Incitada por las nuevas corrientes psicoanalíticas, en la Europa continental la biografía tuvo un pequeño repunte: quiso rastrear los motivos y las causas de la conducta humana. ¡Y vaya que había fenómenos nuevos que reclamaban explicación! Esa dilucidación nunca llegó, pero la desconcertante autodestrucción de Europa en la Primera Guerra; el malestar, la desesperanza, la exaltación, el miedo del período de entreguerras, y la reincidencia en la barbarie en la Segunda Guerra Mundial produjeron una suerte de repliegue o exilio interno que favoreció el escape hacia la biografía. Ése fue el caso de tres autores de ascendencia judía (nacidos en la década de 1880) que, desde su marginalidad y nostálgicos de una Belle Époque que se desvaneció ante sus ojos, se dieron a la tarea de escrutar el alma de figuras políticas y literarias del pasado: André Maurois, Stefan Zweig y Emil Ludwig. Los tres fueron muy leídos en su tiempo, pero no lo sobrevivieron.
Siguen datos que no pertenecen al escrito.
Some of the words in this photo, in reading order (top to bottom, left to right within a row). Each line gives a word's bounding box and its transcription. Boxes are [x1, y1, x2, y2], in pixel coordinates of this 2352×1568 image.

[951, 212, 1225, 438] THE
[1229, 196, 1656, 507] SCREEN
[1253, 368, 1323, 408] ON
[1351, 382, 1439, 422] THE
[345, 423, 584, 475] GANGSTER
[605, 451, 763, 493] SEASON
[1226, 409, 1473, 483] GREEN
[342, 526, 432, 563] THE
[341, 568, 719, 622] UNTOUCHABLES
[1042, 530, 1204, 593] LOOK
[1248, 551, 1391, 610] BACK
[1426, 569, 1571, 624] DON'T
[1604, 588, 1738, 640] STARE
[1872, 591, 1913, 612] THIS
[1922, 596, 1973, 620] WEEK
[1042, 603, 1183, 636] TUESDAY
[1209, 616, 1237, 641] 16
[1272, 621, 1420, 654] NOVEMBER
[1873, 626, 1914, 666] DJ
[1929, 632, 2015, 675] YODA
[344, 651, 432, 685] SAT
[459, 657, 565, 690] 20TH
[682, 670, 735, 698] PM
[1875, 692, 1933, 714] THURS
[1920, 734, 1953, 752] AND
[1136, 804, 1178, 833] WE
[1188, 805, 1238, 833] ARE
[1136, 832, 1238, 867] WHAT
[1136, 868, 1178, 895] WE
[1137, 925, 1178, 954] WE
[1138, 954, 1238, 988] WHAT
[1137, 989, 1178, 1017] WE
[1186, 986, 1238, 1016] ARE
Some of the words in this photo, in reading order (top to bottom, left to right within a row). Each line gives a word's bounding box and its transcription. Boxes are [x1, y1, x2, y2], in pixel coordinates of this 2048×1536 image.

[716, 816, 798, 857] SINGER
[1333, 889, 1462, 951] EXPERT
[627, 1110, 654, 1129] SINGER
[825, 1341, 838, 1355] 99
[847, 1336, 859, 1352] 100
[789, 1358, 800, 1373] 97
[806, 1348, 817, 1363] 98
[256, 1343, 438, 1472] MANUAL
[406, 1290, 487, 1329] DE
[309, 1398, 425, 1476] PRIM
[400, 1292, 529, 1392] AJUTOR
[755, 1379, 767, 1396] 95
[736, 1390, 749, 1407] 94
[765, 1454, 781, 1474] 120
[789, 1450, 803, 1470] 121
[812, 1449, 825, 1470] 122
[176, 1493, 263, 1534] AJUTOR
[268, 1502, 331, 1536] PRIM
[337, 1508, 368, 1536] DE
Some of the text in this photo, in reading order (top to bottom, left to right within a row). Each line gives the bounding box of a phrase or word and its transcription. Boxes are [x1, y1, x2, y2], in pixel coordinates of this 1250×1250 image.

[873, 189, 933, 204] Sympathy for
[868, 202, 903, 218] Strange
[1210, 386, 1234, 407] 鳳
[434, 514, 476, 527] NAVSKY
En la segunda mitad del siglo XX, se acentuó el predominio anglosajón en la biografía. Además del culto interior al género y de la notable vitalidad e inventiva con que se practica, Inglaterra ejerce casi un imperialismo biográfico. Los mejores cultivadores de España –con excepciones solitarias, como el doctor Gregorio Marañón– son émulos de Boswell: Paul Preston (Franco, Juan Carlos), Ian Gibson (Lorca, Machado), John H. Elliott (el Conde Duque de Olivares). Por lo que respecta a la historia iberoamericana, la tendencia no cambia, como atestigua la reciente biografía de Bolívar escrita por John Lynch, o la vida de Borges por Edwin Williamson (aunque de pronto nos hemos llevado una sorpresa mayúscula: Bioy Casares convertido en el Boswell de Borges).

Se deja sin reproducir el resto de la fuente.